About this task - Retype the whole listing below exactly, keeping every picture out of it.

Study material -
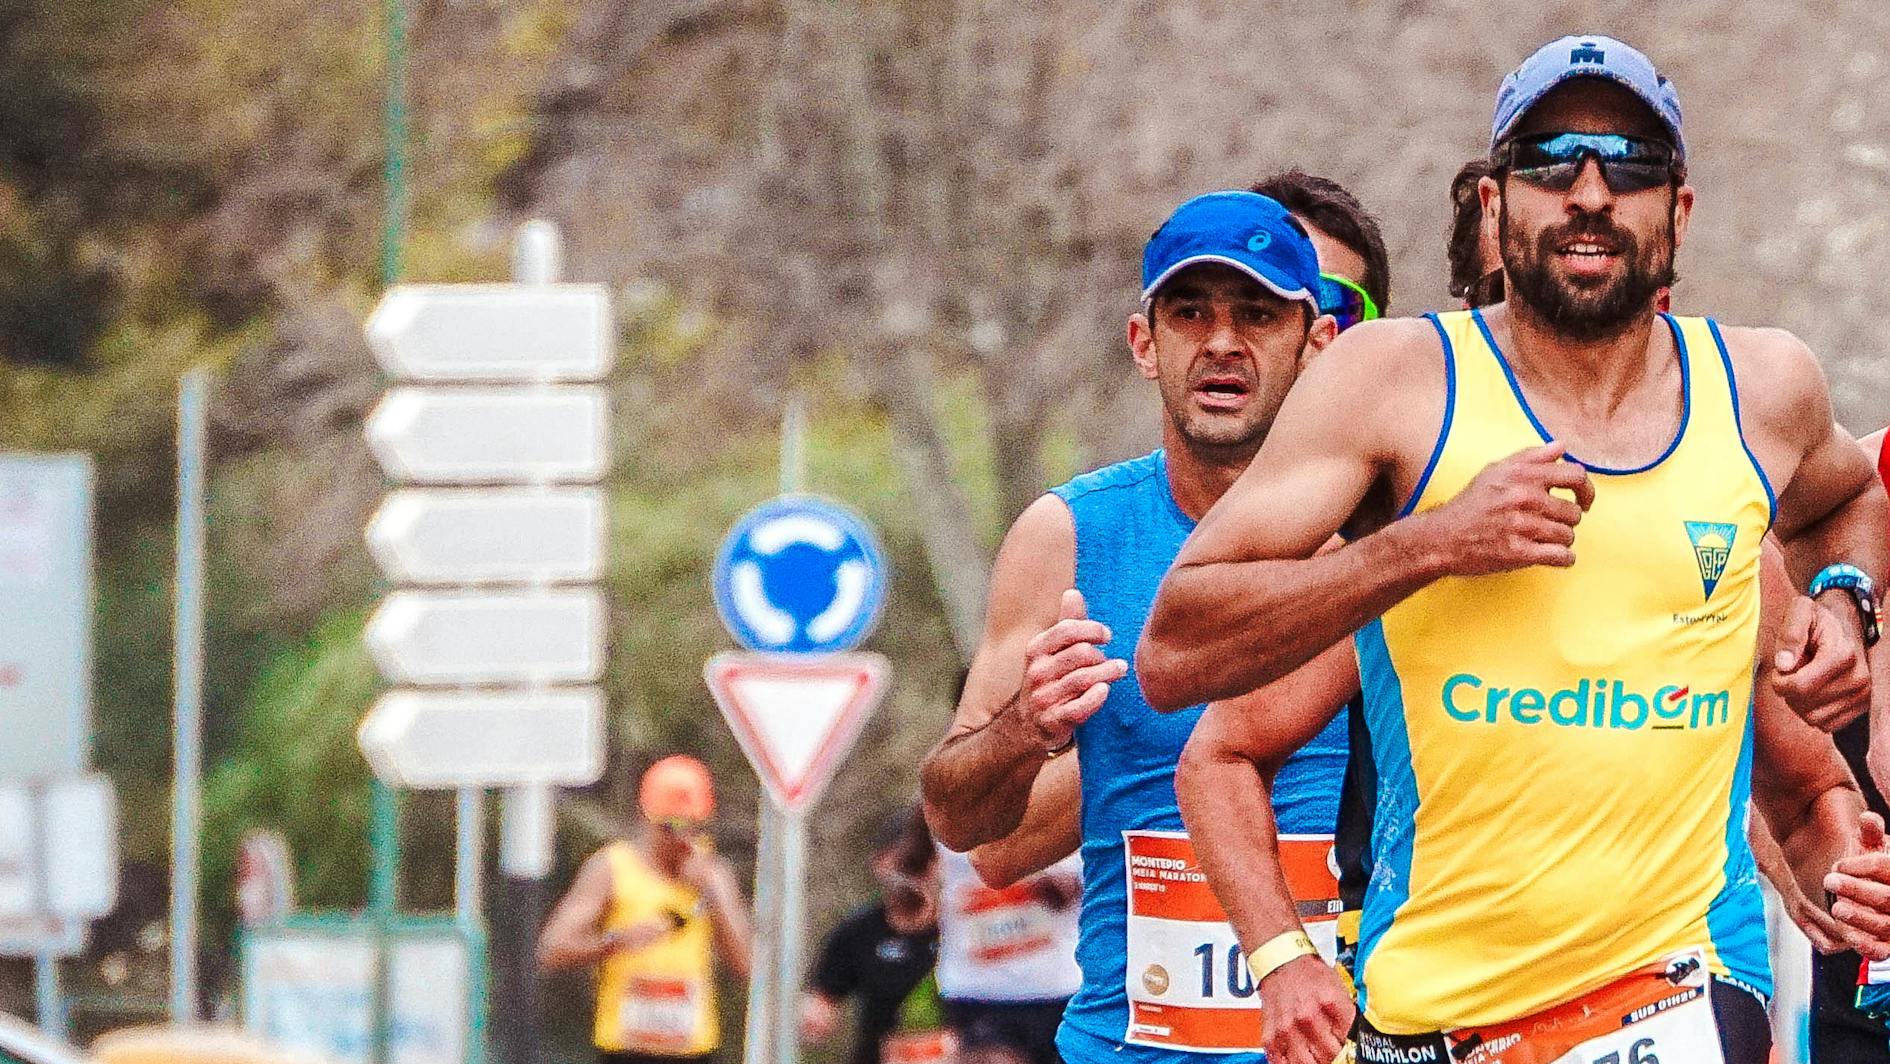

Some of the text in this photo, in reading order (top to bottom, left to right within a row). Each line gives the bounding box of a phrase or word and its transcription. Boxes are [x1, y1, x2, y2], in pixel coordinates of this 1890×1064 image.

[1442, 673, 1729, 731] Credibom
[1131, 856, 1187, 870] MONTEPIO
[1133, 868, 1207, 883] MEIA MARATON
[1360, 1042, 1437, 1064] TRIATHLON

Task solution -
Some of the text in this photo, in reading order (top to bottom, left to right within a row). Each line gives the bounding box of a phrase or word and its transcription. Boxes are [x1, y1, x2, y2], in pixel coordinates of this 1890×1064 image.

[1442, 673, 1729, 731] Credibom
[1131, 856, 1187, 870] MONTEPIO
[1133, 868, 1207, 883] MEIA MARATON
[1360, 1042, 1437, 1064] TRIATHLON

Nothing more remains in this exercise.